[EXERCISE BRIEF]: In your copy of the entries below, keep every word exactly and leave out all images.
== GIVEN DATA ==
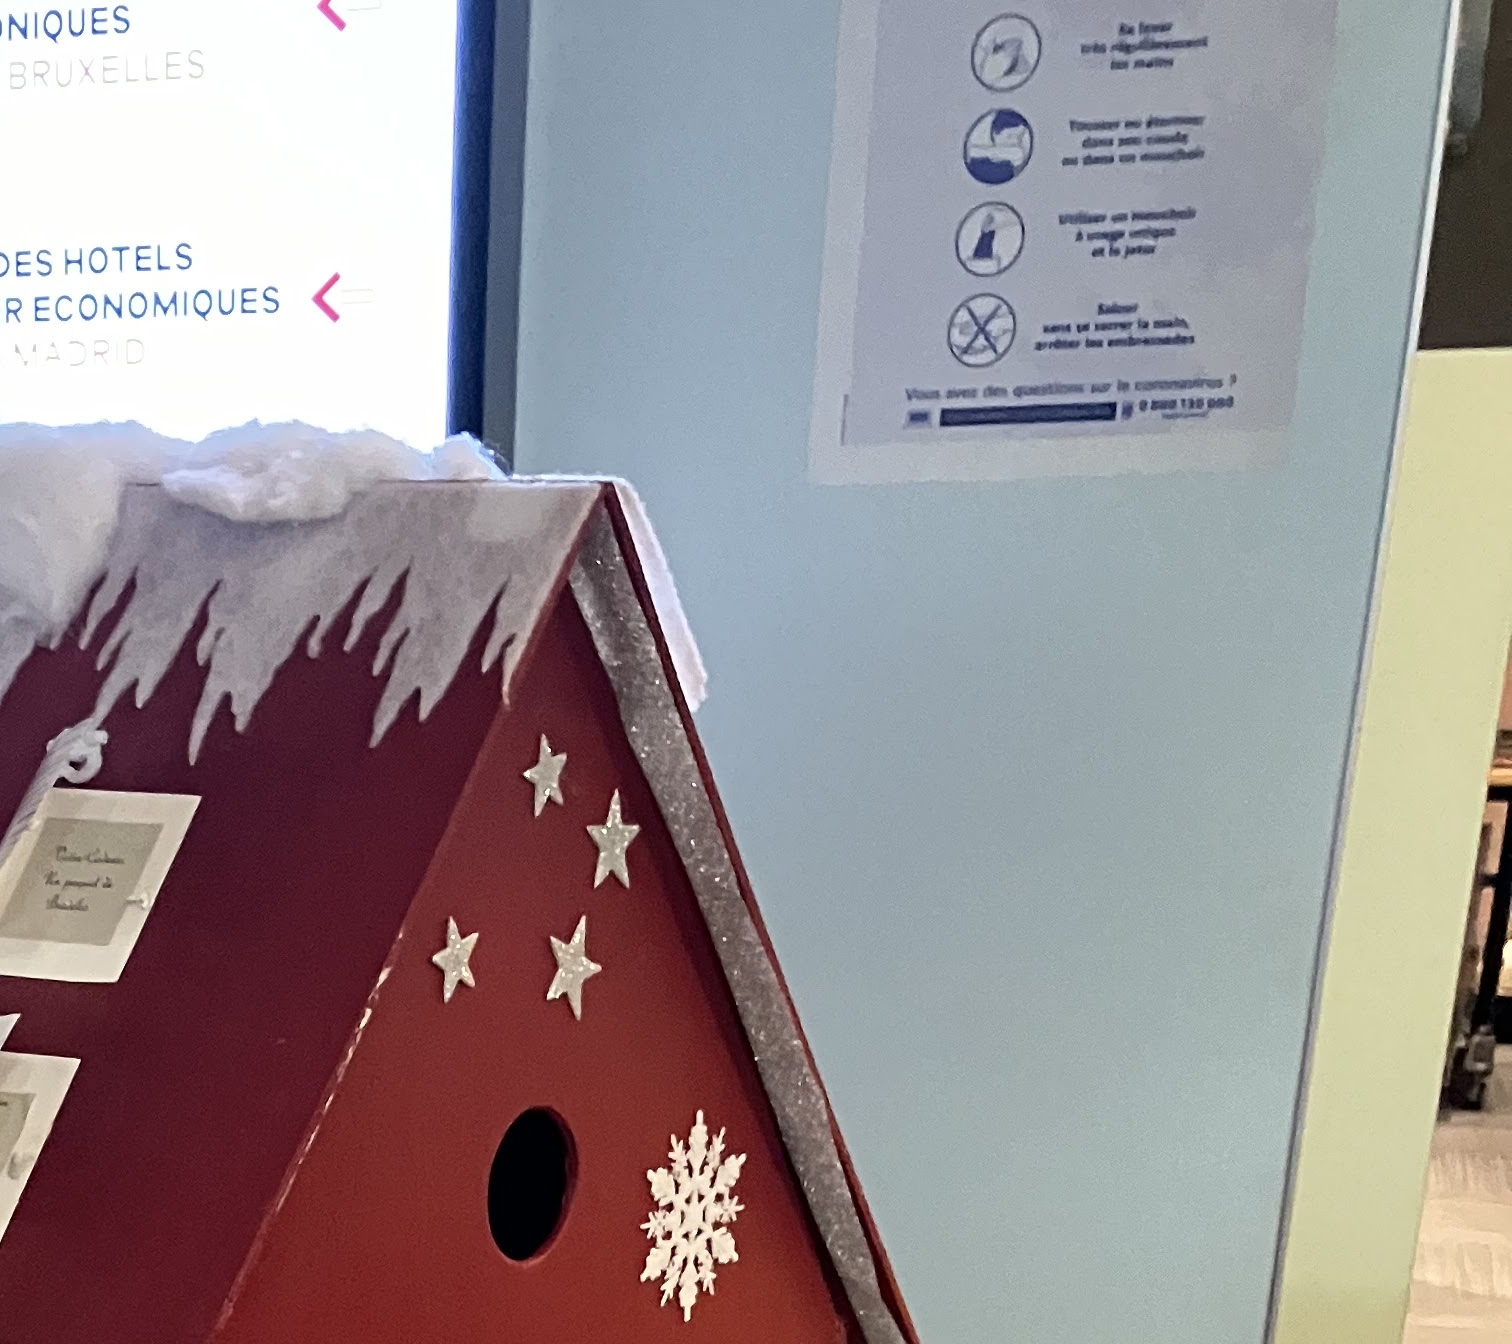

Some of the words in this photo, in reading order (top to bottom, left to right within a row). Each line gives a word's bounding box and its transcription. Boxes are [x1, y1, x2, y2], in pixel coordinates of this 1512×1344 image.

[8, 50, 206, 92] BRUXELLES
[64, 243, 193, 275] HOTELS
[34, 286, 281, 323] ECONOMIQUES
[12, 337, 145, 368] MADRID
===
[ANSWER BOX]:
Some of the words in this photo, in reading order (top to bottom, left to right within a row). Each line gives a word's bounding box and its transcription. Boxes are [x1, y1, x2, y2], in pixel coordinates of this 1512×1344 image.

[8, 50, 206, 92] BRUXELLES
[64, 243, 193, 275] HOTELS
[34, 286, 281, 323] ECONOMIQUES
[12, 337, 145, 368] MADRID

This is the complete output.